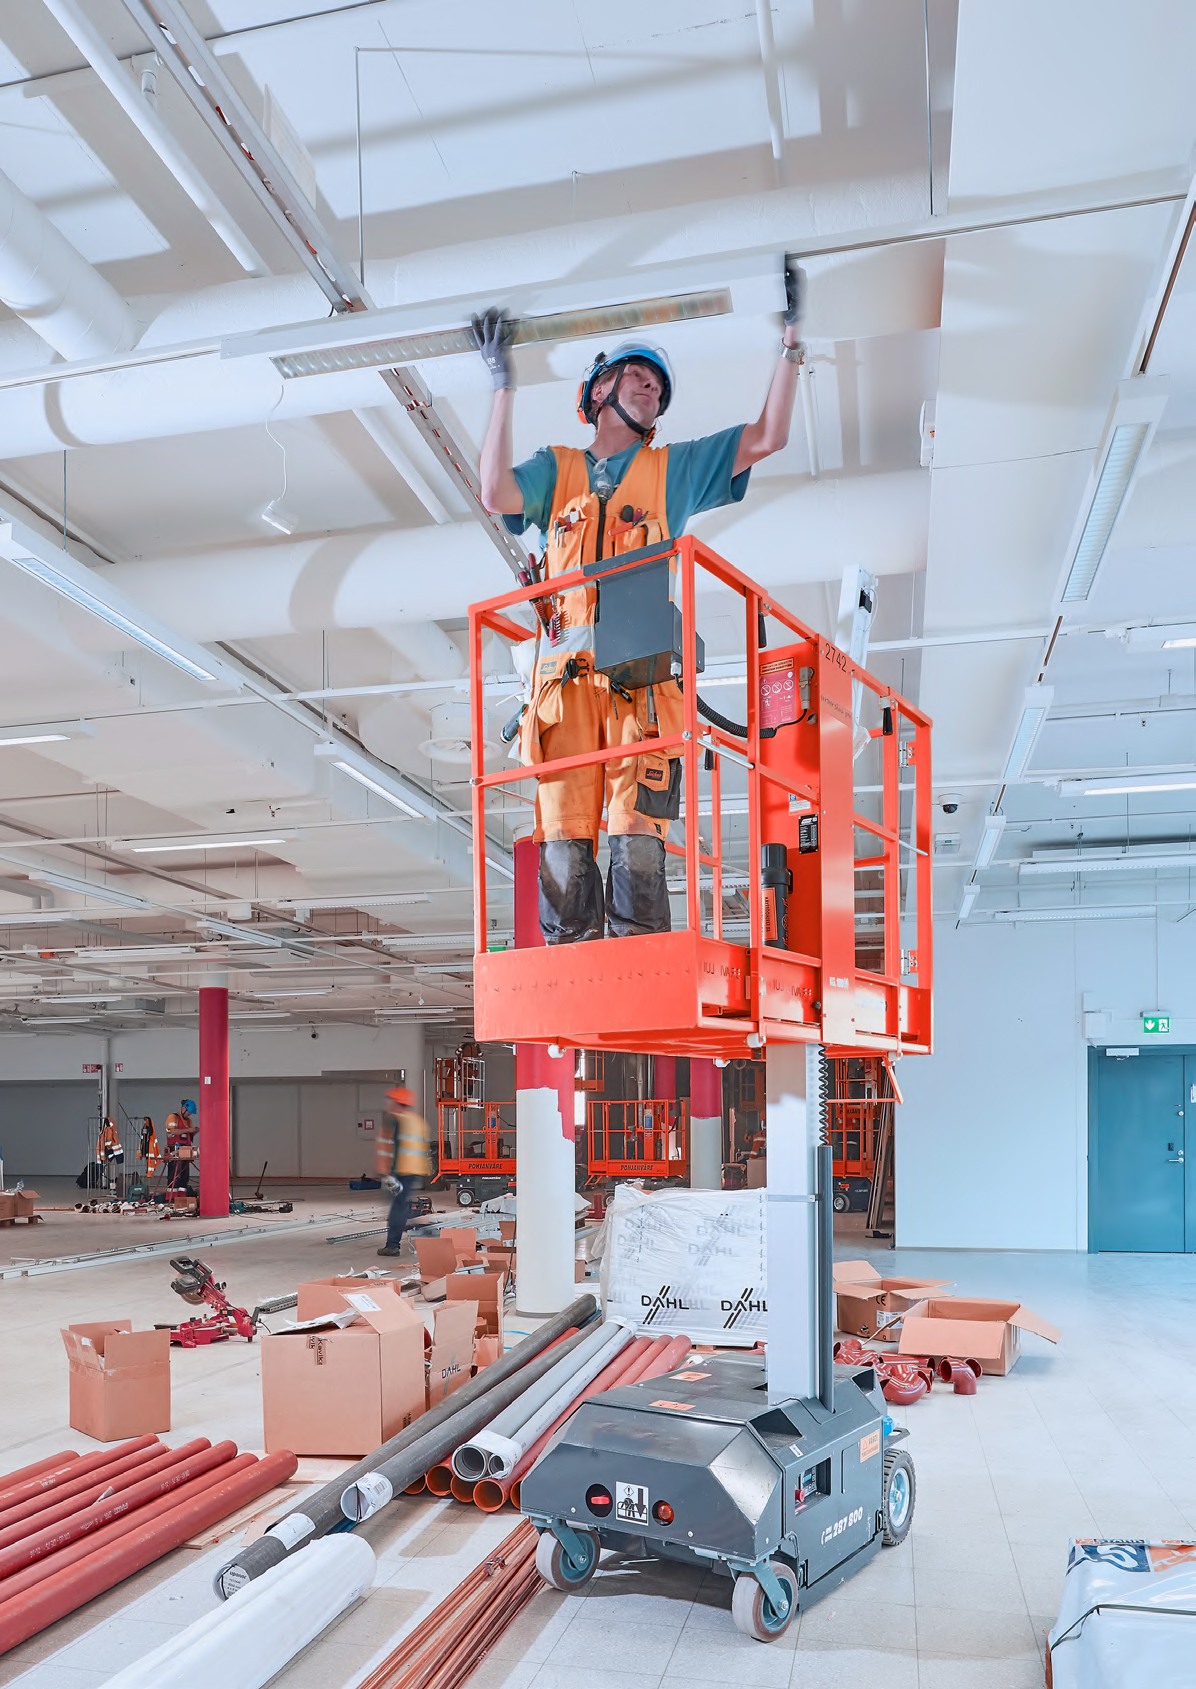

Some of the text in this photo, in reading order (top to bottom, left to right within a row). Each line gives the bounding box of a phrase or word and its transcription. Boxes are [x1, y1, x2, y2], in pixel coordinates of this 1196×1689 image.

[826, 642, 847, 673] 2742
[641, 1295, 689, 1310] DAHL
[721, 1300, 768, 1312] DAHL
[441, 1364, 461, 1379] DAHL
[833, 1519, 848, 1537] 287
[848, 1507, 863, 1527] 800
##############################
With images omitted, output the data exactly as given.

Some of the text in this photo, in reading order (top to bottom, left to right within a row). Each line gives the bounding box of a phrase or word and its transcription. Boxes are [x1, y1, x2, y2], in pixel coordinates of this 1196×1689 image.

[826, 642, 847, 673] 2742
[641, 1295, 689, 1310] DAHL
[721, 1300, 768, 1312] DAHL
[441, 1364, 461, 1379] DAHL
[833, 1519, 848, 1537] 287
[848, 1507, 863, 1527] 800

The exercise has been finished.